== TASK INSTRUCTIONS ==
Reproduce each record exactly. The pictures should be skipped.

[DATA SUPPLIED — start]

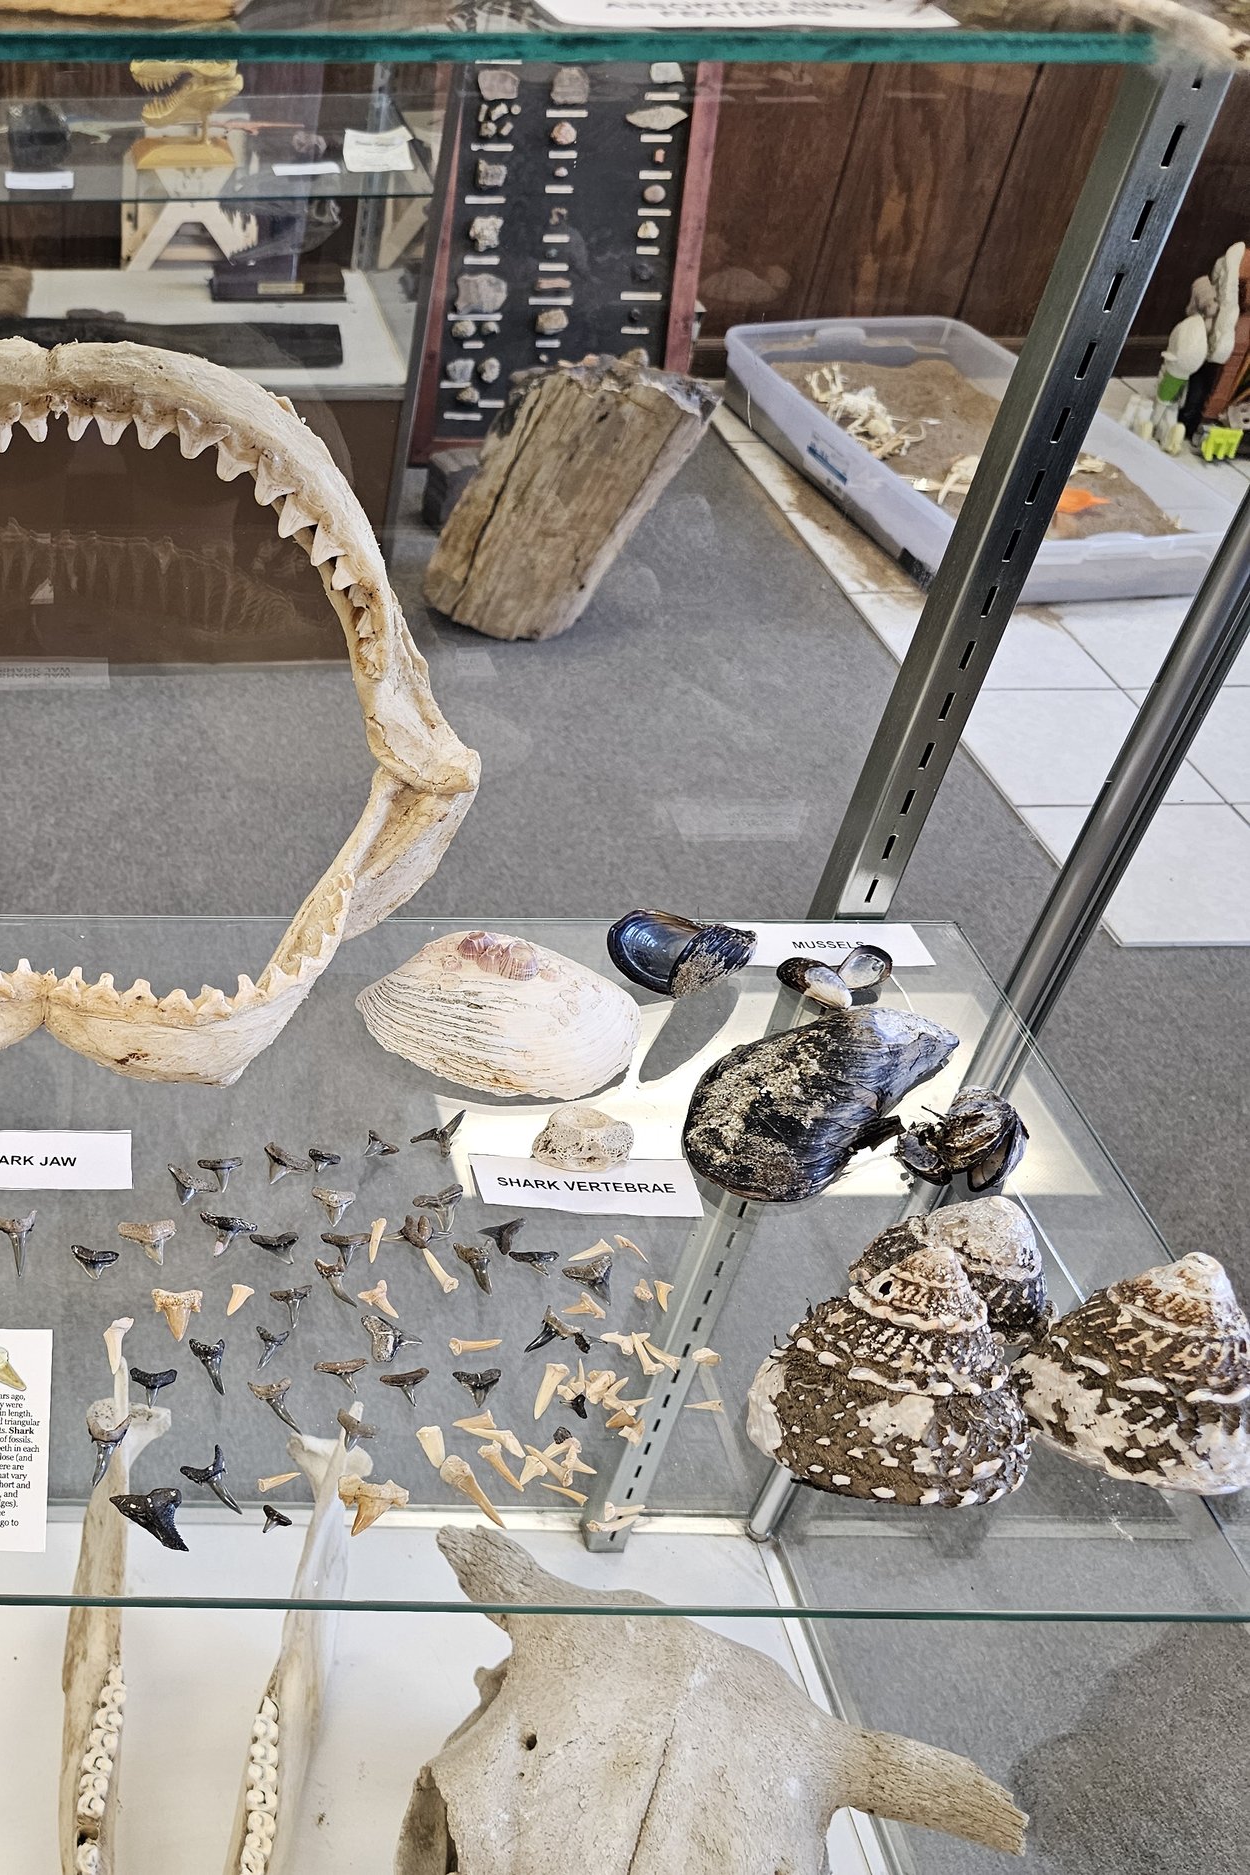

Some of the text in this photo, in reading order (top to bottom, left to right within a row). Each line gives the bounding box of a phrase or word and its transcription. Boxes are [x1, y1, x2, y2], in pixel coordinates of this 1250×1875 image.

[39, 1156, 77, 1168] JAW
[496, 1176, 677, 1194] SHARK VERTEBRAE
[0, 1408, 6, 1416] in
[7, 1408, 33, 1419] length.
[4, 1417, 40, 1428] triangular
[8, 1426, 34, 1434] Shark
[0, 1434, 7, 1442] of
[8, 1434, 33, 1443] fossils.
[13, 1443, 21, 1451] in
[22, 1444, 39, 1452] each
[0, 1452, 14, 1460] lose
[15, 1452, 32, 1463] (and
[10, 1473, 27, 1481] vary
[15, 1480, 30, 1488] and
[3, 1488, 18, 1497] and
[10, 1518, 19, 1526] to

[DATA SUPPLIED — finish]

== RESPONSE TO THIS TASK ==
Some of the text in this photo, in reading order (top to bottom, left to right within a row). Each line gives the bounding box of a phrase or word and its transcription. Boxes are [x1, y1, x2, y2], in pixel coordinates of this 1250×1875 image.

[39, 1156, 77, 1168] JAW
[496, 1176, 677, 1194] SHARK VERTEBRAE
[0, 1408, 6, 1416] in
[7, 1408, 33, 1419] length.
[4, 1417, 40, 1428] triangular
[8, 1426, 34, 1434] Shark
[0, 1434, 7, 1442] of
[8, 1434, 33, 1443] fossils.
[13, 1443, 21, 1451] in
[22, 1444, 39, 1452] each
[0, 1452, 14, 1460] lose
[15, 1452, 32, 1463] (and
[10, 1473, 27, 1481] vary
[15, 1480, 30, 1488] and
[3, 1488, 18, 1497] and
[10, 1518, 19, 1526] to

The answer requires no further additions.